▶ **Your task**
Could you retype all of the entries exactly, without their pictures?

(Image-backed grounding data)
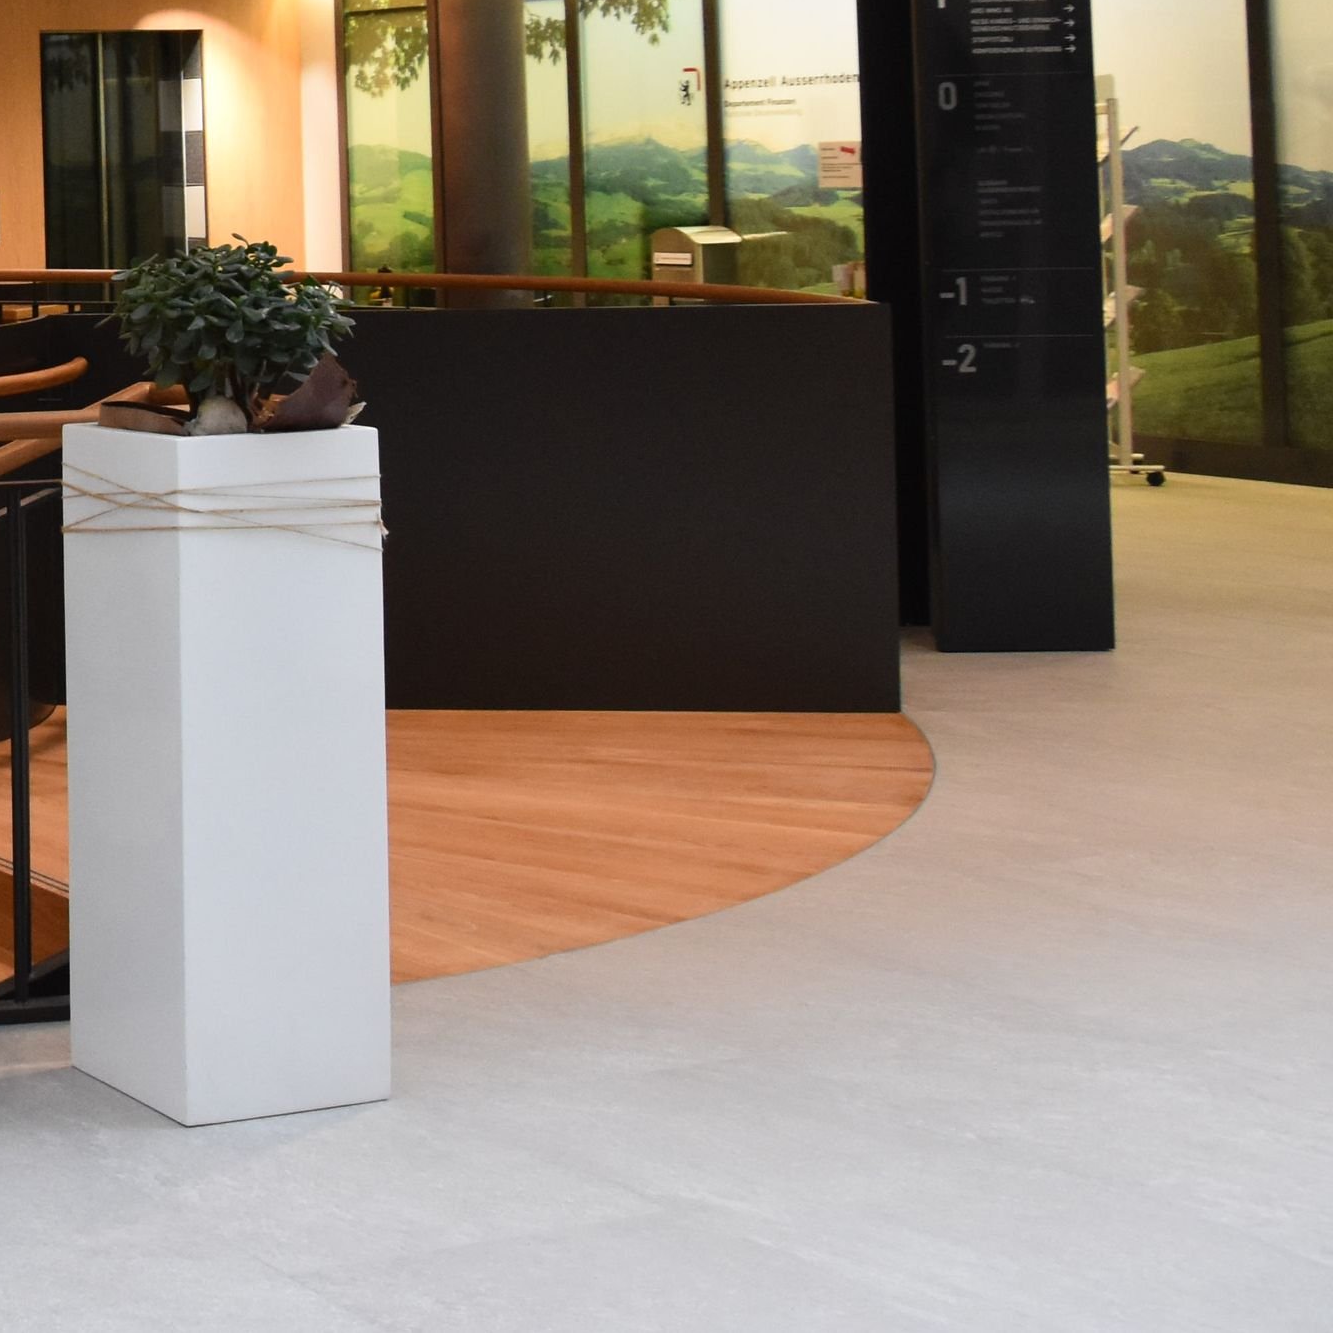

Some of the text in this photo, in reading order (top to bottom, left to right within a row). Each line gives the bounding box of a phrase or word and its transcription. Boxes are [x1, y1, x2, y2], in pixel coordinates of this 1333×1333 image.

[724, 73, 859, 89] Appenzell Ausserrhoden
[938, 81, 957, 110] 0
[939, 277, 967, 306] -1
[941, 343, 978, 373] -2
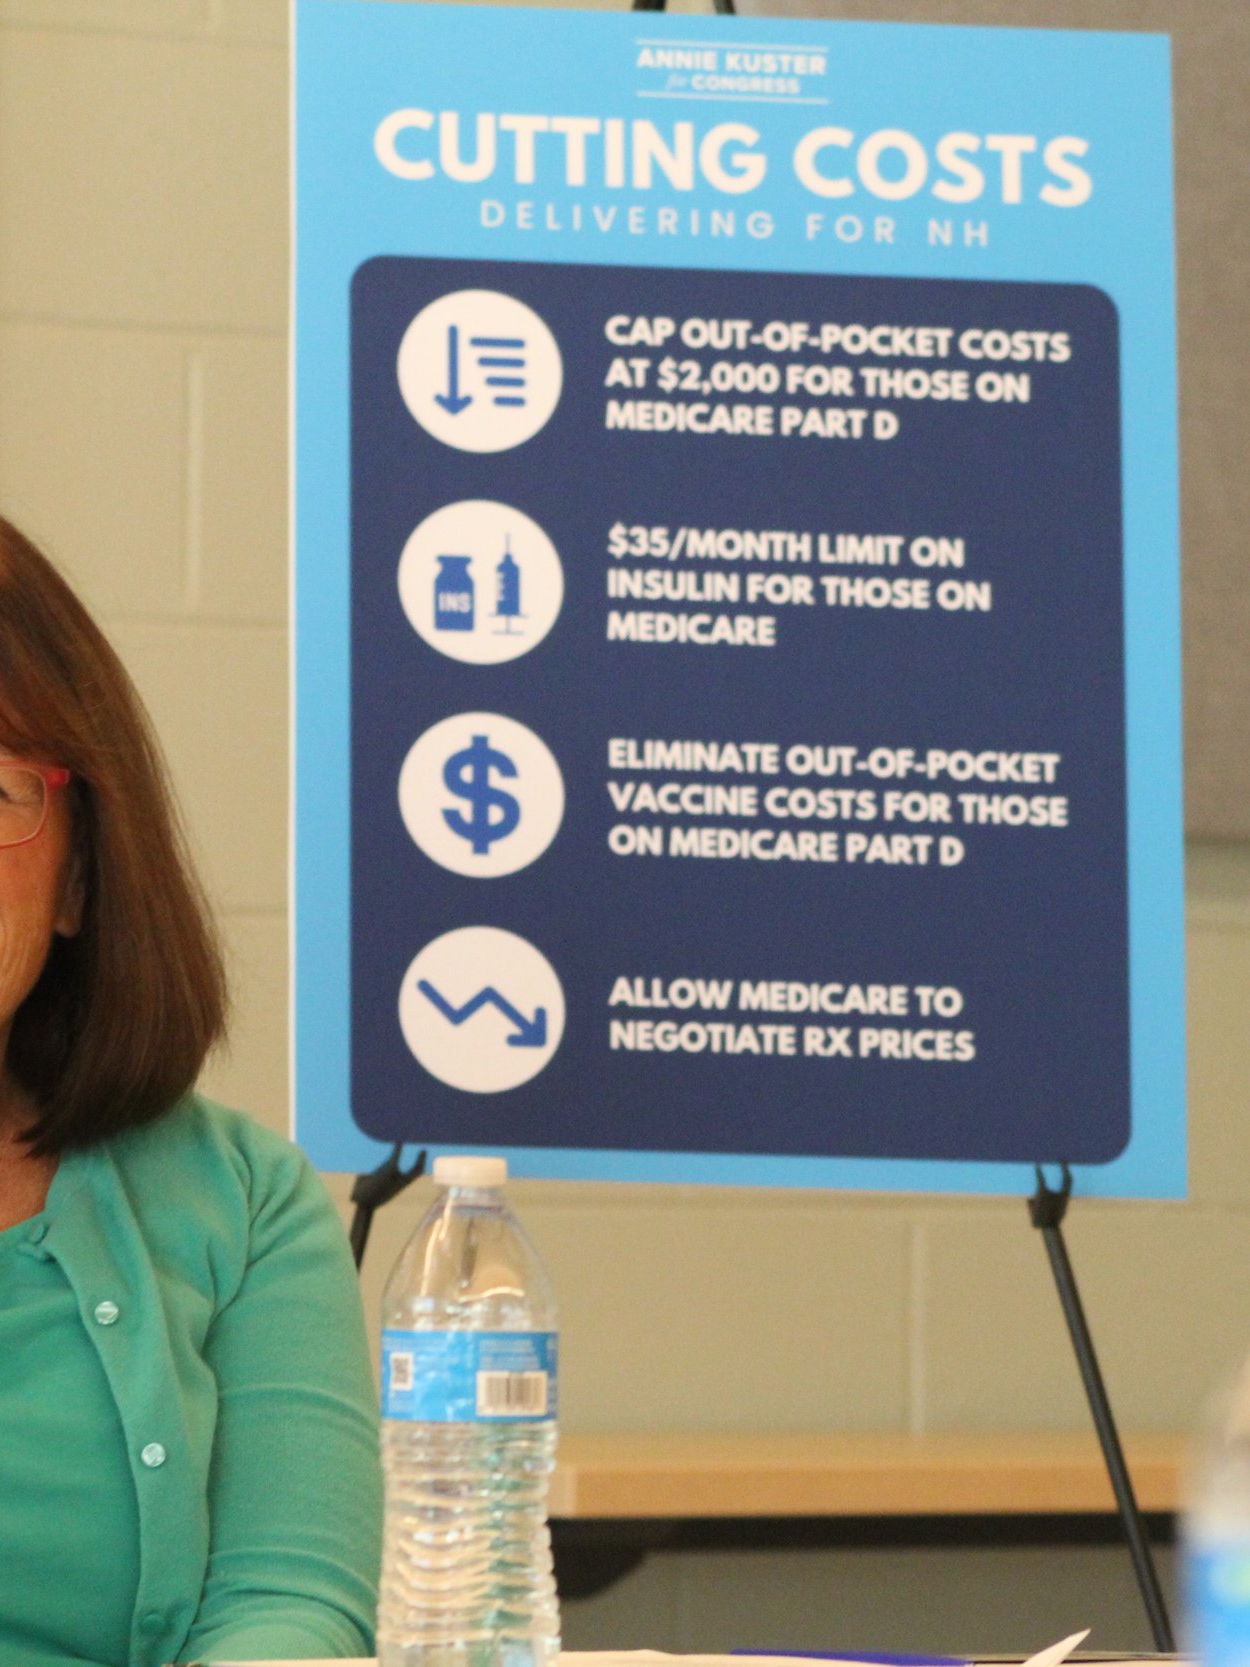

▶ **Solution**
Some of the text in this photo, in reading order (top to bottom, left to right within a row). Each line gives the bounding box of a phrase or word and its transcription. Boxes are [x1, y1, x2, y2], in pixel coordinates of this 1333×1333 image.

[724, 73, 859, 89] Appenzell Ausserrhoden
[938, 81, 957, 110] 0
[939, 277, 967, 306] -1
[941, 343, 978, 373] -2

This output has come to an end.